Working memory, 30 minutes postprandial, was better after 5 weeks of the berry drink than it was after 5 weeks of the control drink.
Practice Implications
This group of researchers included some very nice references about the association between both type 2 diabetes mellitus and metabolic syndrome and cognitive decline.1,2 Reduced cognitive function was actually found in some to precede changes in glucose tolerance.2,3 Previous studies also found that berries improved insulin sensitivity in obese adults and slowed the rate of cognitive decline in the elderly.4,5 While I must admit that I was amazed to learn about the ability of berry pigments (anthocyanins) to improve insulin response, I was not at all surprised to read about their neurological impact. Berry pigments are able to cross the blood-brain barrier and are highly effective at reducing neuroinflammation.6 These compounds are able to reduce nuclear factor-kappaB (NF-kB) levels in the brain.7
The researchers used frozen rather than fresh berries for the study drink. Bill Mitchell, ND, an early promoter of berry pigments, frequently said that freezing broke the cell walls and allowed more of the phenolic compounds to be available. While elderberries, black currants, and lingonberries are not readily available, frozen blueberries are. One can purchase a large bag of them at any Costco and every grocery store. While some individuals have been concerned that Environmental Working Group (EWG) has listed blueberries on the “dirty dozen” list, according to the Pesticide Data Program (where EWG gets their list) website, frozen blueberries failed to show the small amounts of residue found on fresh blueberries.8 I often recommend that individuals consume a cup of blueberries each day, yet this study may indicate that 3 cups may be better if it can be tolerated.

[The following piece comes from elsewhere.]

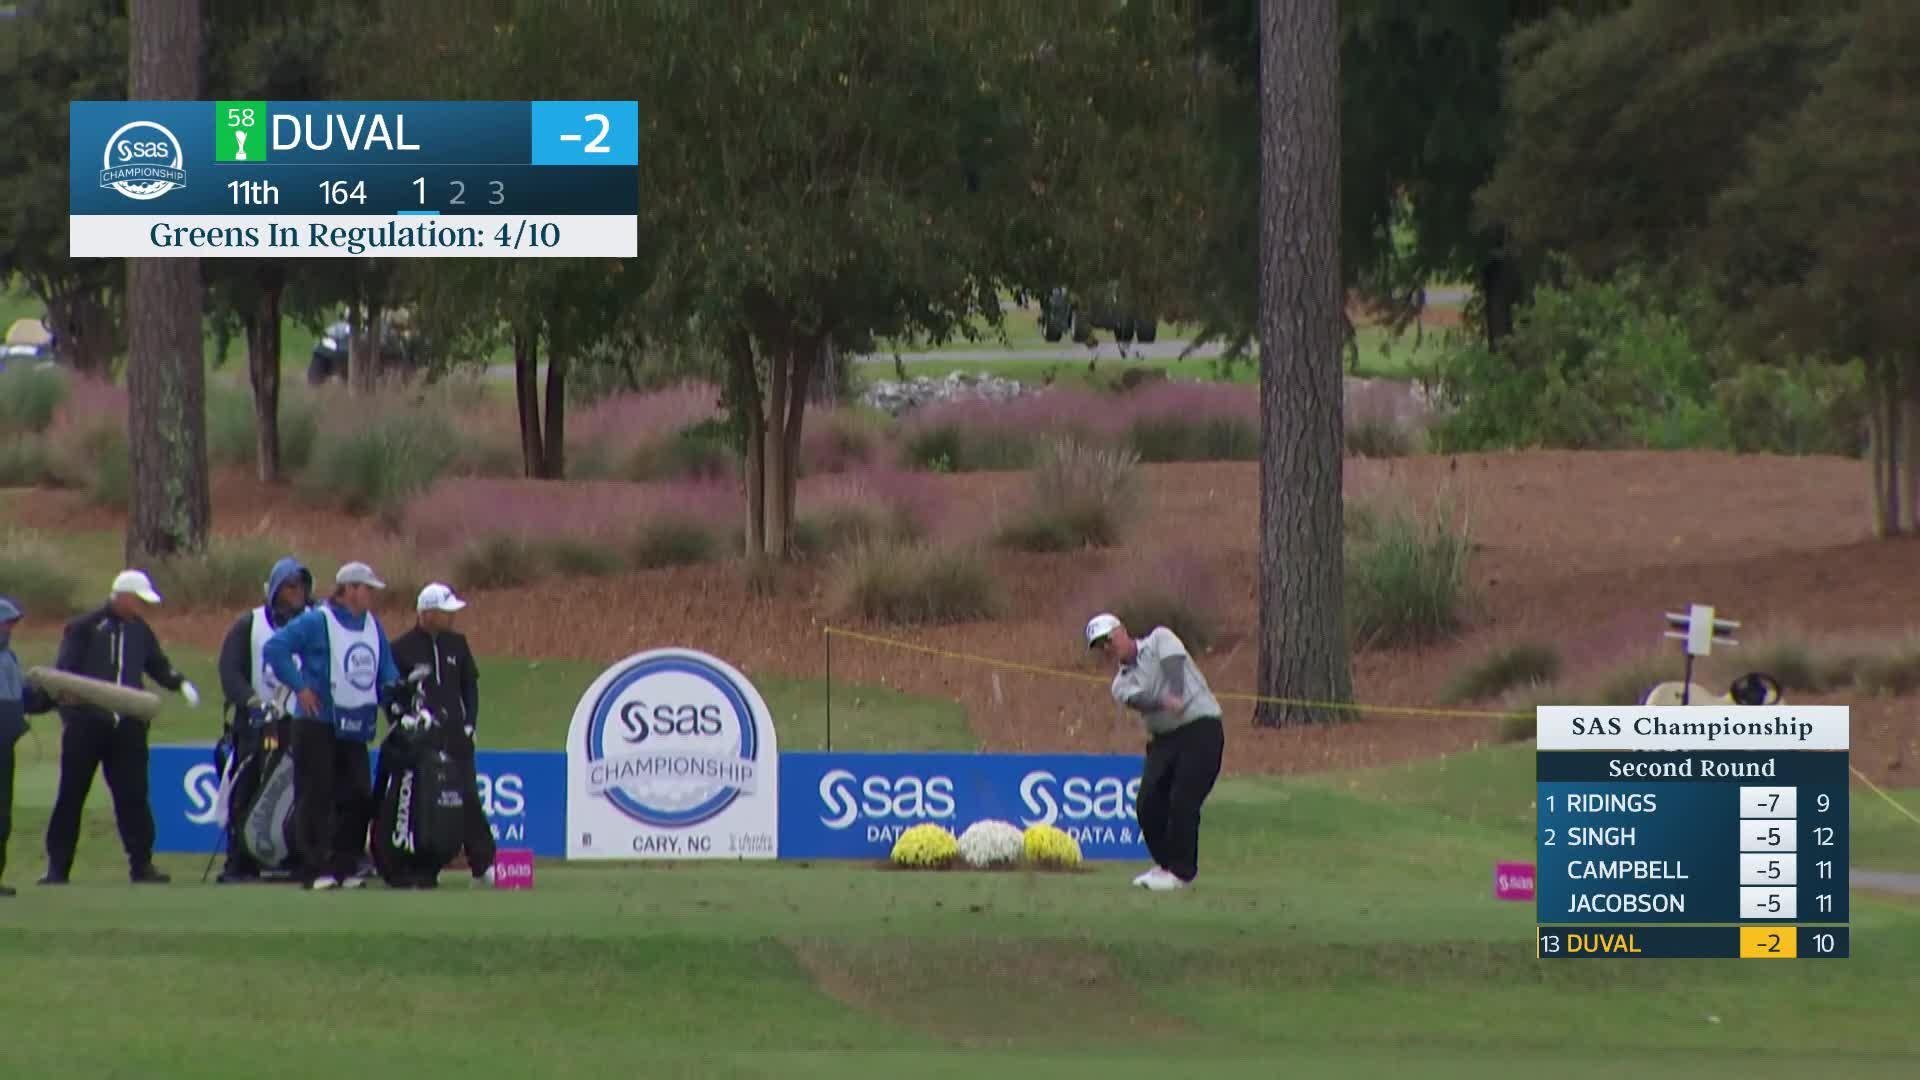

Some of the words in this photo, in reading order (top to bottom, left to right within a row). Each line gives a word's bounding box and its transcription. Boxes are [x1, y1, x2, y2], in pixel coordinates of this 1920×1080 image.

The researchers only used 2 of the many available neurocognitive testing methods and only found modest improvement in working memory after 5 weeks of the berry drink. Neurocognitive testing is readily available to clinicians for use in their office. It is a low-cost, quick, and easy-to-use test that provides a quantitative assessment of executive functioning. With this test clinicians could easily track patients’ cognitive improvement with naturopathic care.